:: Work item ::
Please repeat the records exactly, keeping the pictures out.

Extracted records below:

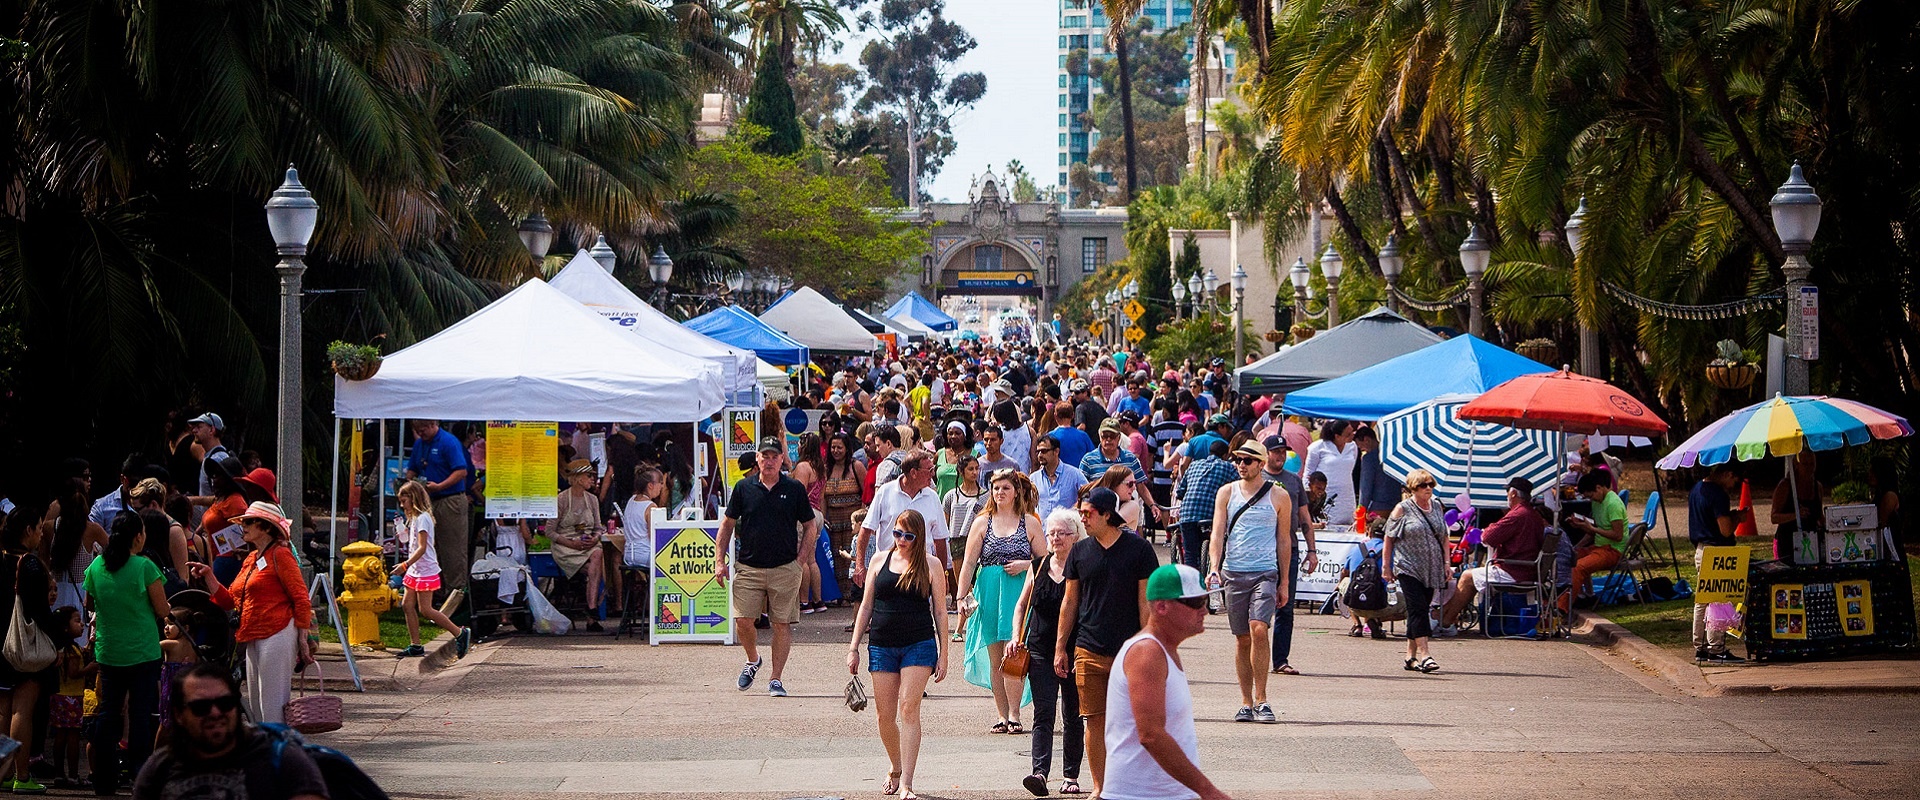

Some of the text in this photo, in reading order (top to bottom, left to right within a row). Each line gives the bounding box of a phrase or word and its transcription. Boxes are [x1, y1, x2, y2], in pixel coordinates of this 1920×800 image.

[735, 411, 755, 421] ART
[730, 443, 756, 451] STUDIOS
[670, 542, 715, 559] Artists
[669, 560, 716, 575] at Work!
[1712, 556, 1738, 570] FACE
[1698, 578, 1745, 593] PAINTING
[663, 594, 681, 603] ART

End of Extracted records.

:: Exercise solution ::
Some of the text in this photo, in reading order (top to bottom, left to right within a row). Each line gives the bounding box of a phrase or word and its transcription. Boxes are [x1, y1, x2, y2], in pixel coordinates of this 1920×800 image.

[735, 411, 755, 421] ART
[730, 443, 756, 451] STUDIOS
[670, 542, 715, 559] Artists
[669, 560, 716, 575] at Work!
[1712, 556, 1738, 570] FACE
[1698, 578, 1745, 593] PAINTING
[663, 594, 681, 603] ART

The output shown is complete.